Books to Read While the Algae Grow in Your Fur, December 2011
Attention conservation notice: I have no taste.
- Andrea Camilleri, The Wings of the Sphinx; The Track of Sand;
The Potter's Field
- Delightful as always, though tinged with melancholy, because Montalbano is
growing old (and making some questionable personal decisions because of it).
The Track of Sand is perhaps the least Dick Francis-like mystery
involving horse-racing I have run across.
- Peter Bühlmann and Sara van de Geer, Statistics for High-Dimensional Data: Methods, Theory and Applications
- (My mini-review has grown to a few thousand words, complete with figures,
equations, and R, so I'll throttle down, and link to the review when I'm
finished.

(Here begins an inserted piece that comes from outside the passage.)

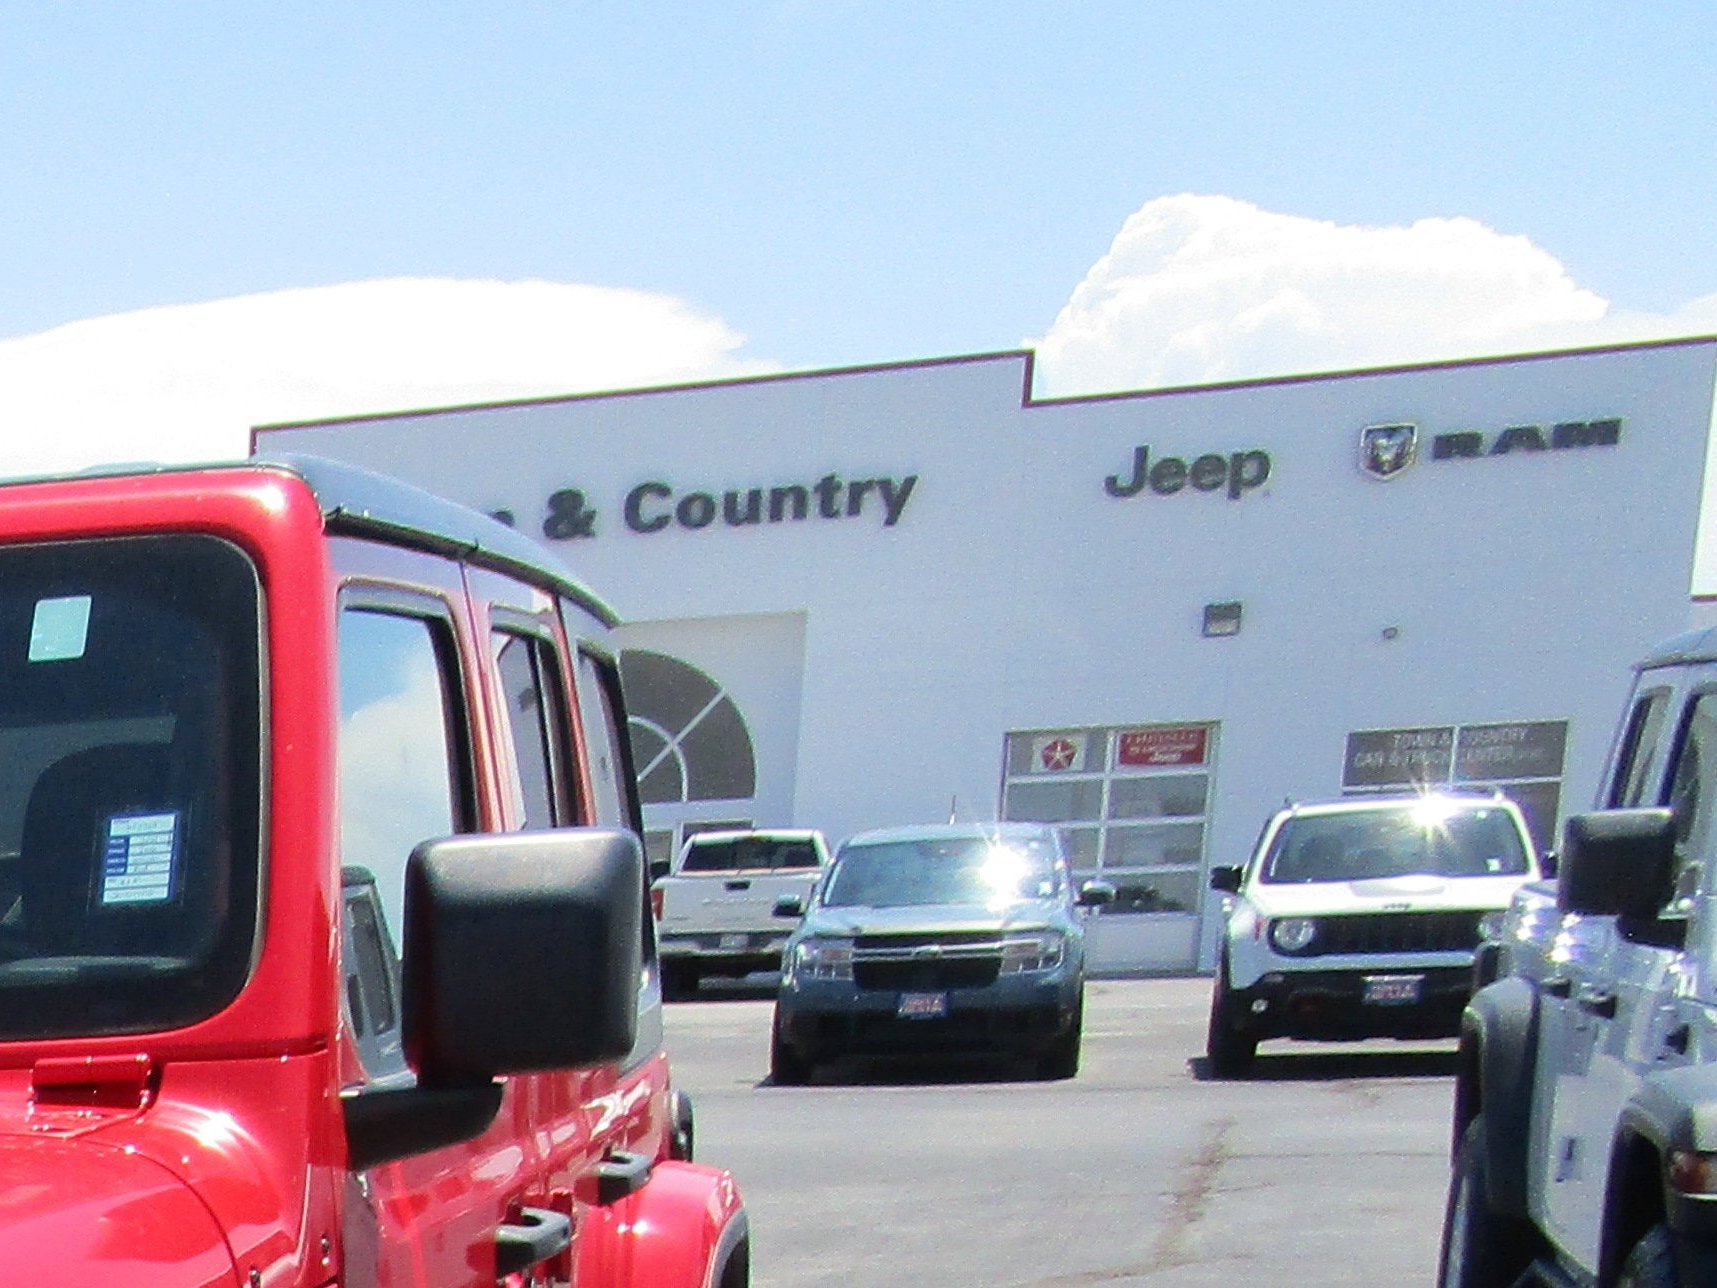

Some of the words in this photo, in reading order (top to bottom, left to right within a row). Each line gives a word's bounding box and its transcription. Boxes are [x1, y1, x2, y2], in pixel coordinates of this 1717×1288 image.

[1431, 417, 1625, 461] RAM
[1103, 443, 1273, 501] Jeep
[542, 486, 597, 541] &
[622, 470, 920, 534] Country
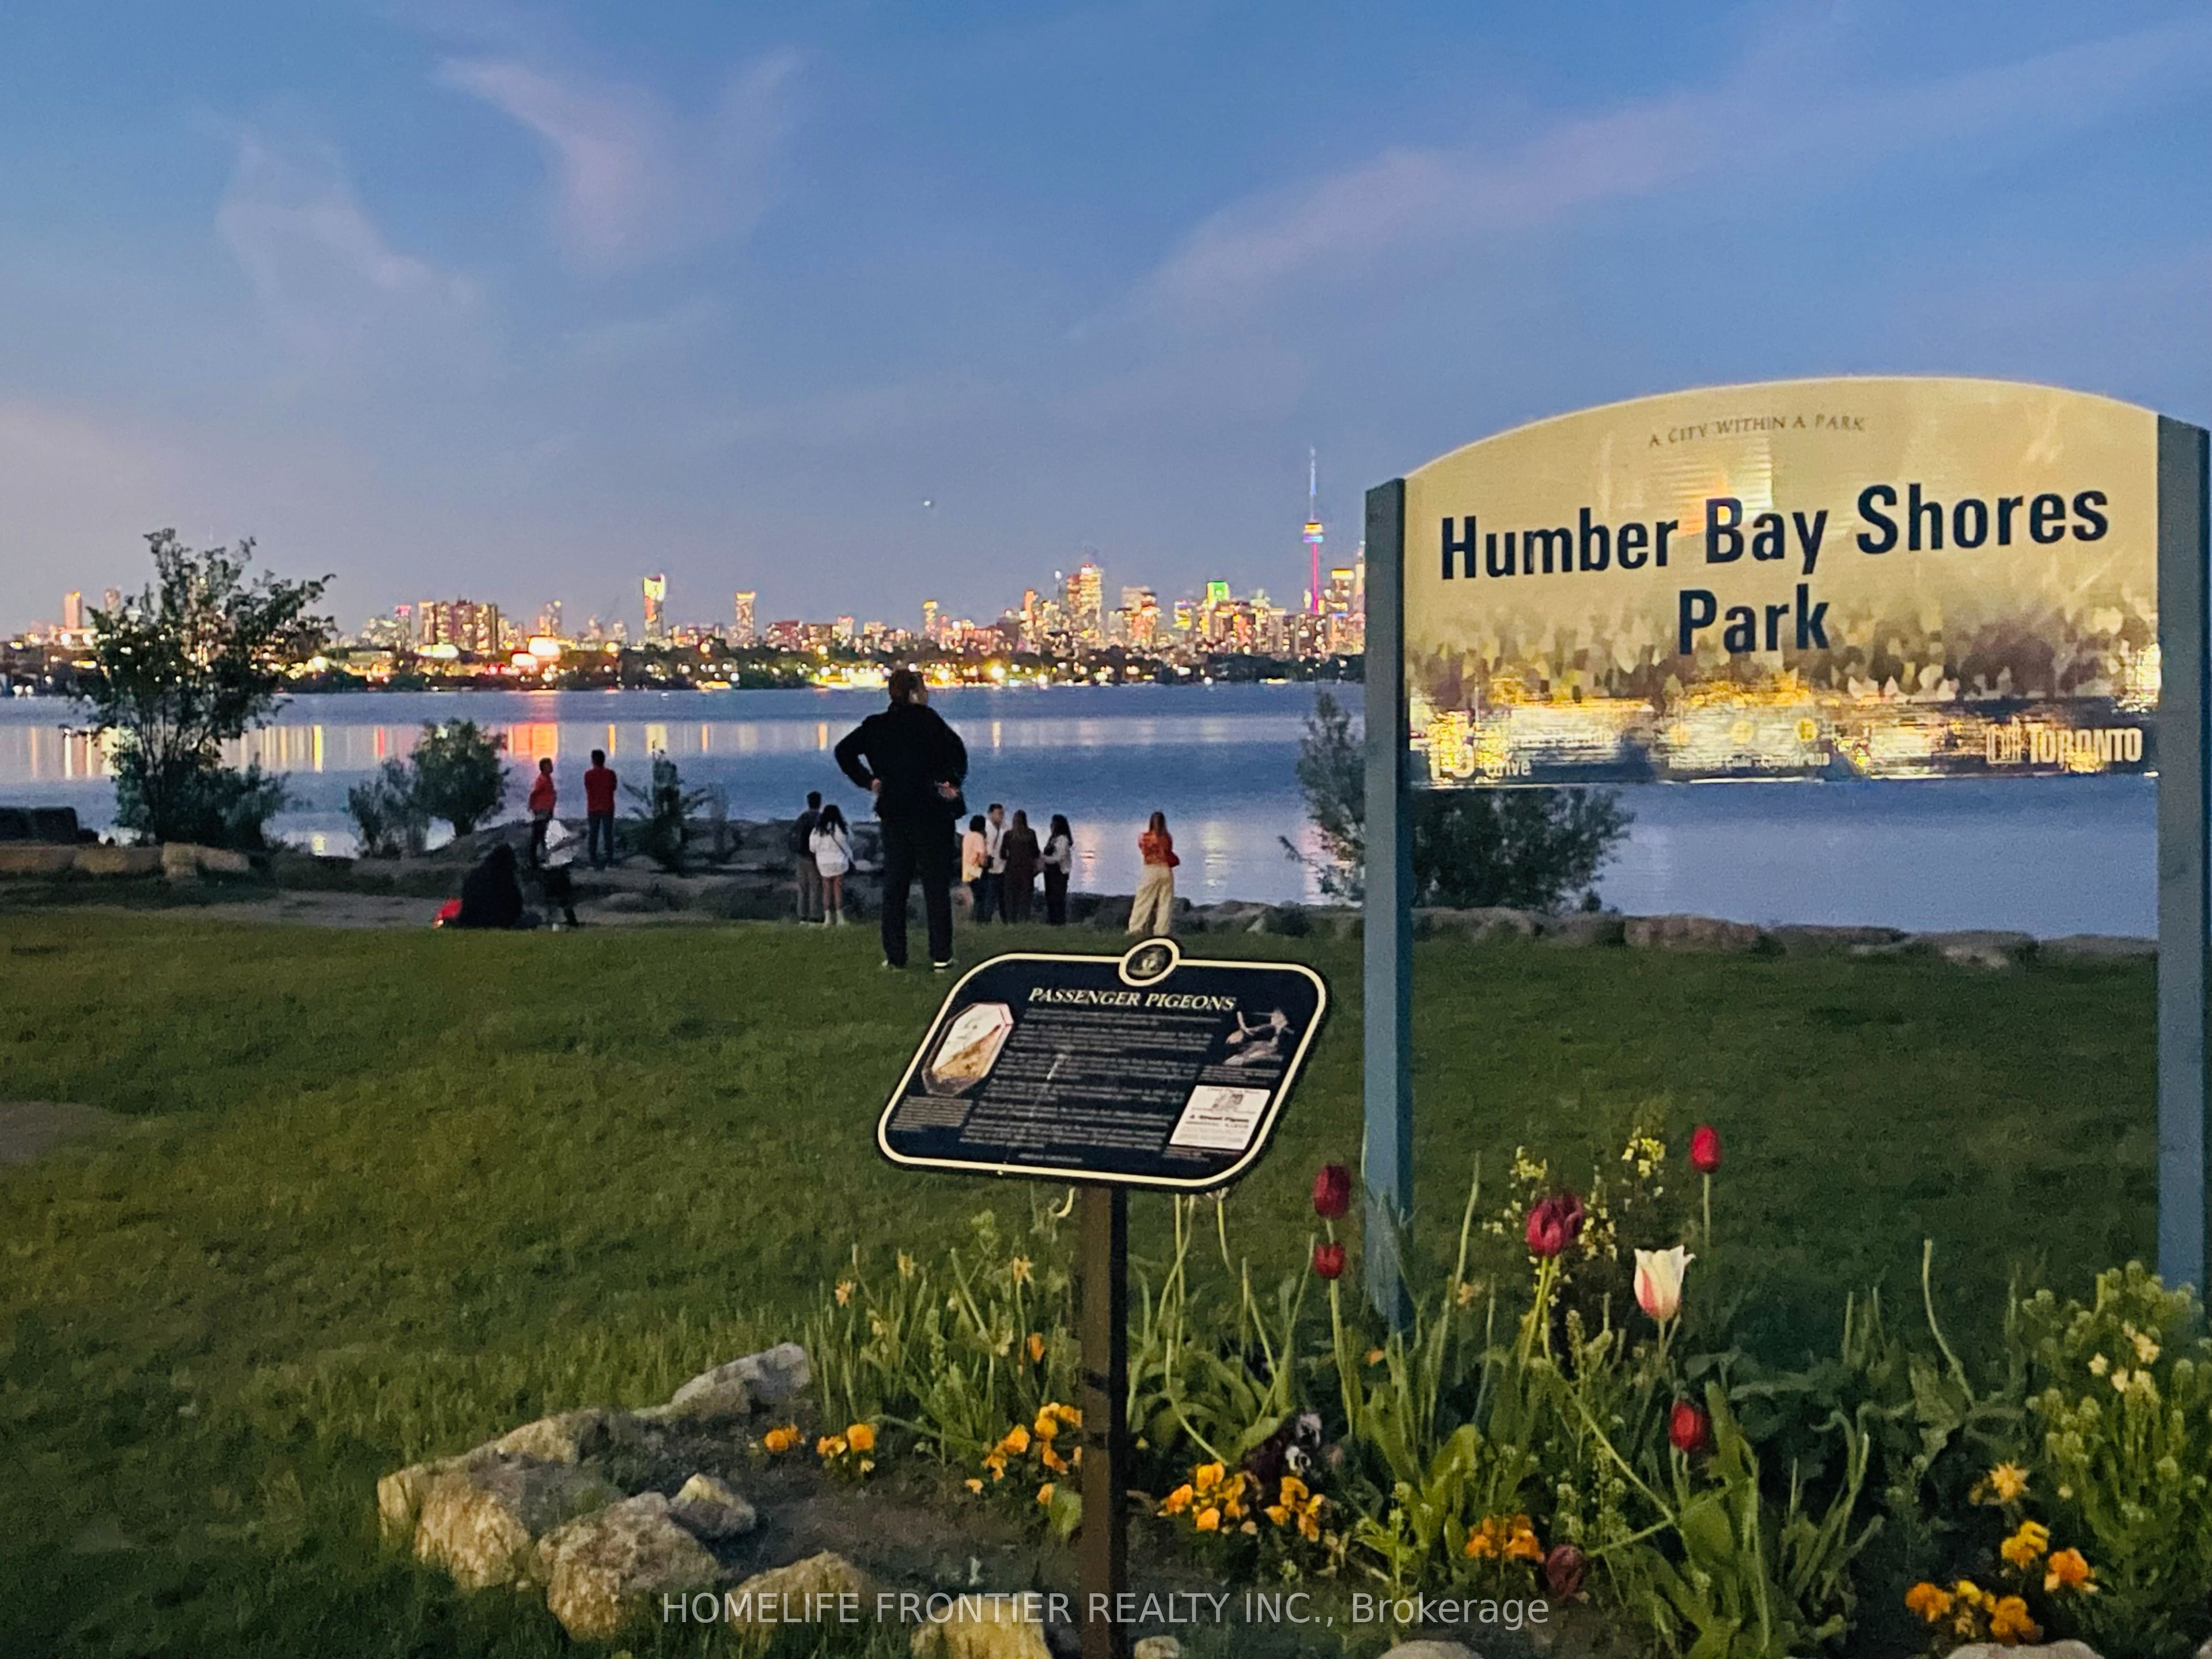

In the meanwhile, a book report.)
- This is a sound, thorough and reliable guide to what we currently know
about linear (generalized
linear, additive...) modeling
in the high-dimensional regime where the number of adjustable parameters is
much larger than the number of observations. The bulk of the book (chapters
2--9) is about the lasso (L1 penalization) and closely
related methods. Chapters 2--5 and 9 are largely methodological; the theory
comes in chapters 6--8, which are concerned with predictive accuracy,
parametric consistency, and variable selection. These theoretical chapters
make extensive use
of empirical process
techniques, which is not surprising considering that van de
Geer wrote
the book on empirical process theory in estimation. Chapter 14, really a
kind of appendix, collects the necessary concepts and results from empirical
process theory proper; it is formally self-contained, but probably some prior
exposure would be helpful.
- Chapters 10 and 11 turn consider issues of stability and statistical
significance in variable selection, closely following recent work by
Bühlmann and collaborators. Chapter 12 is a very nice treatment of
boosting, where one
uses an ensemble of highly-biased and low-capacity, but very stable, models to
compensate for each other's faults. Chapter 13, finally, turns
to graphical models,
especially Gaussian graphical models, looking at ways of inferring the graph
based on the lasso principle, on local regression, and, even more closely,
the PC algorithm of
P. Spirtes
and
C. Glymour.
(This chapter draws on work by
work by Kalisch
and Bühlmann on how the PC algorithm works in the high-dimensional
regime.) Causal inference is an important application of graphical models, but
it is, perhaps wisely, not discussed.
- The core chapters (6--8) are much rougher going than the more
method-oriented ones, but that's just the nature of the material.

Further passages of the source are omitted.